20 From Probability to Statistical Inference

Most statistical journeys begin with descriptive statistics; calculating averages, medians, spreads, and trends to summarize what we see in our data. But knowing how it is only gets us partway. At some point, we want to go further. We ask:

Is this result just a fluke? Will it happen again? Can we generalize it?*

To answer these questions, we need more than summaries. We need a framework to quantify uncertainty, and that’s where probability theory does its magic. It helps us model randomness and variation in data, turning questions about how things are into questions about how things might be.

Enter inferential statistics: the part of statistics that uses sample data, guided by probability, to draw conclusions about the larger population. This is where we estimate unknown values, test hypotheses, and make data-driven decisions, even when we can’t see the whole picture.

In the coming sections, we’ll explore the key tools of inference, and how they allow us to move thoughtfully from what we observe to what we believe about the world. In the following section, we’ll begin exploring the methods and logic behind inferential statistics, starting with estimation techniques and building toward hypothesis testing. Let’s dive into how we can responsibly and rigorously make sense of the unknown.

Figure 20.1: Inferential statistics builds on descriptive summaries and probability theory to predict and generalize beyond the data at hand.

Up until now, our focus has been on the domain of probability theory. This has allowed us to answer questions like:

What is the probability that a certain outcome will occur?

For instance, imagine we know that 30% of a population of 1000 people own a car. If we randomly select a sample of 100 individuals, we can calculate the probability that 50 or more of them are car owners using tools from probability.

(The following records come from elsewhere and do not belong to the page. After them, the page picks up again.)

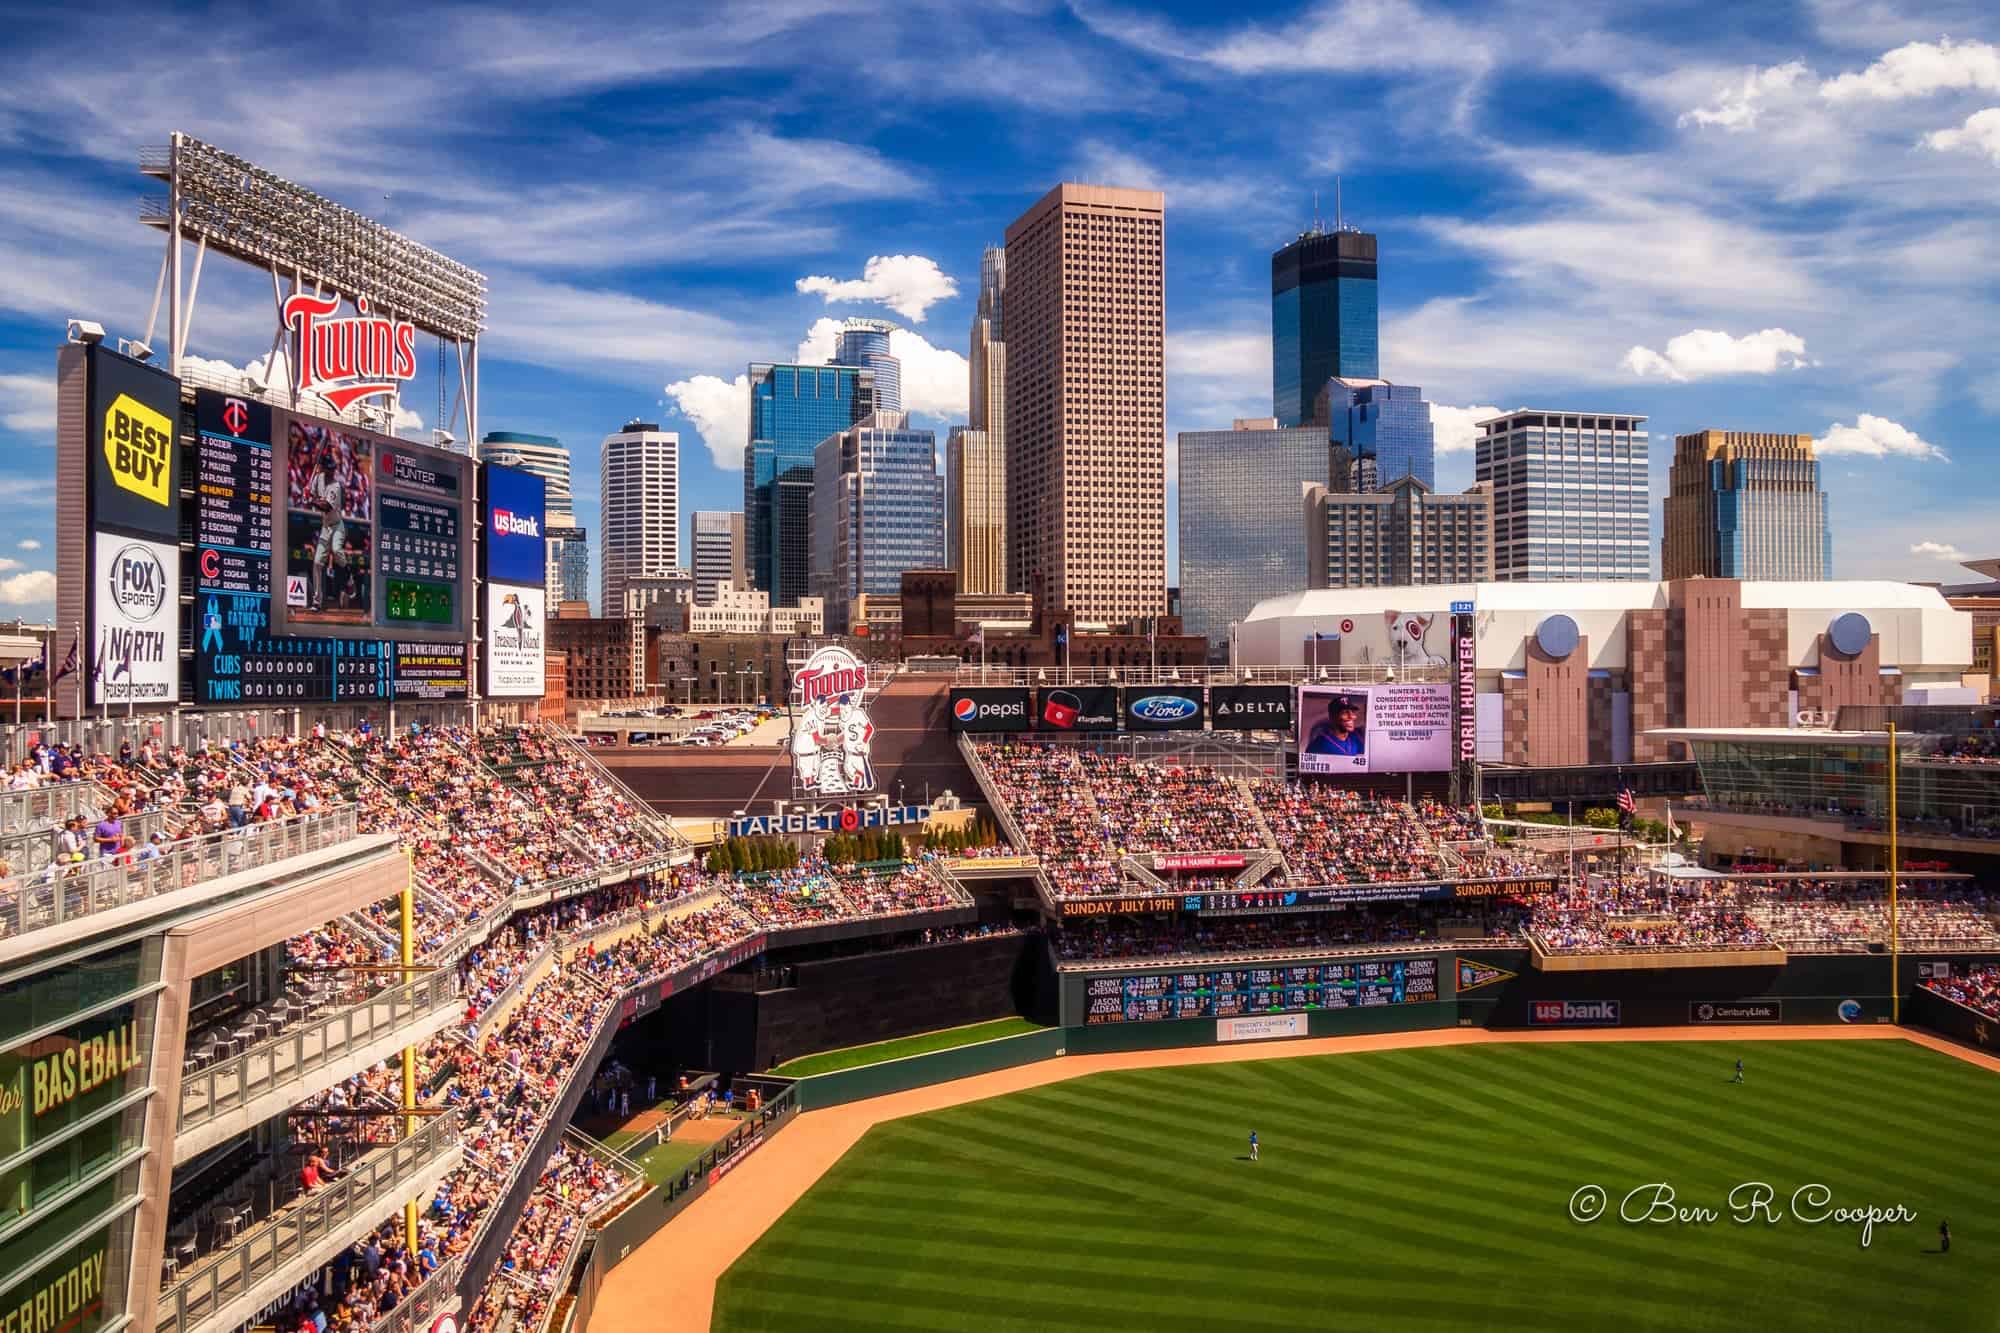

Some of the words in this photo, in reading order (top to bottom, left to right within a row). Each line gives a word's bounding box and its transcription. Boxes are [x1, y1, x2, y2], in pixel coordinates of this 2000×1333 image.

[282, 290, 417, 393] Twins
[114, 408, 169, 461] BEST
[115, 440, 165, 488] BUY
[394, 465, 436, 484] HUNTER
[208, 486, 234, 498] HUNTER
[208, 535, 235, 546] BUXTON
[121, 558, 154, 594] FOX
[121, 591, 156, 607] SPORTS
[232, 595, 262, 612] HAPPY
[239, 625, 257, 641] DAY
[493, 630, 518, 649] Treasure
[523, 631, 540, 649] Island
[109, 626, 165, 663] NORTH
[428, 644, 451, 657] FANTASY
[451, 645, 465, 657] CAMP
[214, 654, 241, 674] CUBS
[1460, 636, 1475, 708] HUNTER
[207, 679, 241, 700] TWINS
[795, 663, 867, 706] Twins
[979, 701, 1024, 719] pepsi
[1143, 699, 1185, 717] Ford
[1234, 703, 1286, 714] DELTA
[1460, 714, 1475, 761] TORII
[729, 812, 838, 837] TARGET
[860, 805, 932, 827] FIELD
[1455, 884, 1501, 897] SUNDAY,
[1503, 883, 1527, 895] JULY
[1529, 881, 1553, 894] 19TH
[1063, 901, 1116, 915] SUNDAY,
[1119, 900, 1146, 913] JULY
[1149, 898, 1175, 911] 19TH
[1087, 986, 1122, 996] CHESNEY
[1094, 978, 1121, 989] KENNY
[1405, 985, 1434, 993] ALDEAN
[1089, 1005, 1121, 1014] ALDEAN
[1094, 997, 1120, 1007] JASON
[1717, 1006, 1771, 1018] CenturyLink
[33, 1020, 143, 1115] BASEBALL
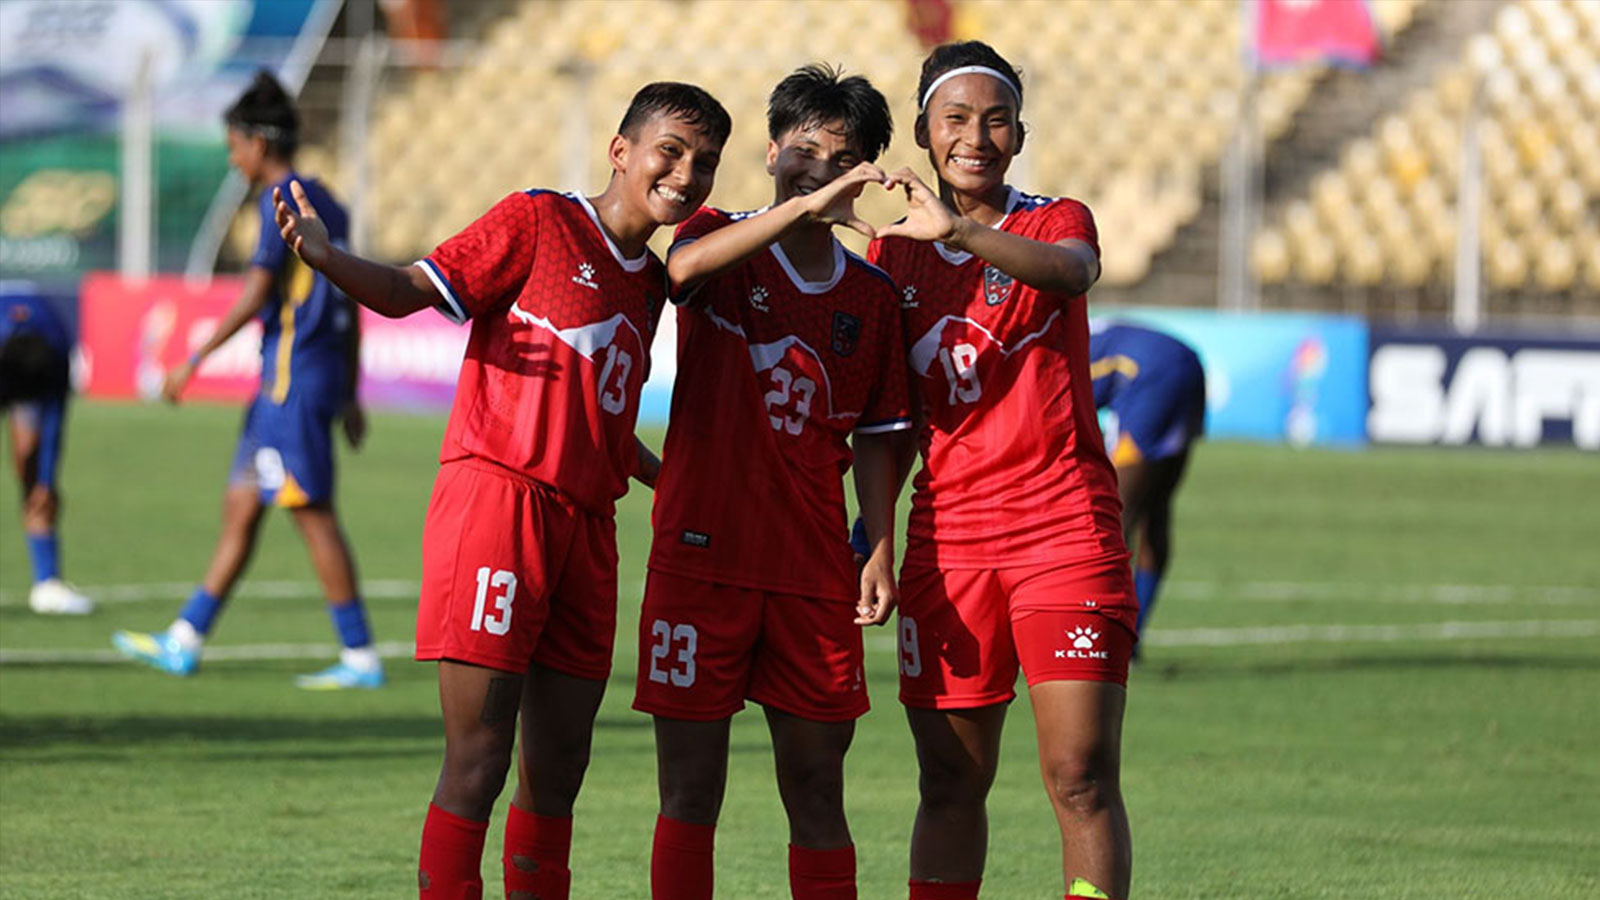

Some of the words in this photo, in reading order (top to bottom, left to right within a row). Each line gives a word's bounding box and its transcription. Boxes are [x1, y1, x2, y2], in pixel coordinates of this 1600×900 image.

[598, 344, 632, 415] 13
[764, 366, 816, 434] 23
[938, 343, 983, 405] 19
[470, 566, 517, 635] 13
[649, 619, 698, 687] 23
[1054, 650, 1109, 660] KELME

But now, we turn the tables.

Instead of starting with known population characteristics and predicting sample behavior, we enter the world of statistical inference; where we begin with a sample and aim to draw conclusions about the larger population. Inference flips the problem around:

Given data from a sample, what can we say about the population it came from?

Let’s revisit the earlier example but from a different angle. Suppose we randomly select 100 people from a population of 1000 but this time, we don’t know what percentage of the population owns a car. We observe that 40 out of the 100 in our sample are car owners. The central question becomes:

What can we infer about the proportion of car owners in the entire population?

This, in essence, is what statistical inference is about: using data from a sample to make educated guesses about unknown parameters in a population distribution. While probability theory helps us determine the behavior of a sample given known population traits, statistical inference works in reverse; aiming to uncover population-level truths from sample-level evidence.

In practice, statistical inference involves several important techniques, including:

Point estimation, where we use sample data to provide a single best guess of a population parameter.
Interval estimation, where we compute confidence intervals to express the uncertainty around our estimates.
Hypothesis testing, where we formally assess claims about population characteristics using sample evidence.

This shift, from description and theory to inference and decision-making, marks a crucial transition in the statistical journey. It enables us to go beyond the data at hand and make broader conclusions about the world.

In the chapters ahead, we’ll explore each of these methods; learning how to estimate, quantify uncertainty, and test ideas using the powerful tools of inferential statistics.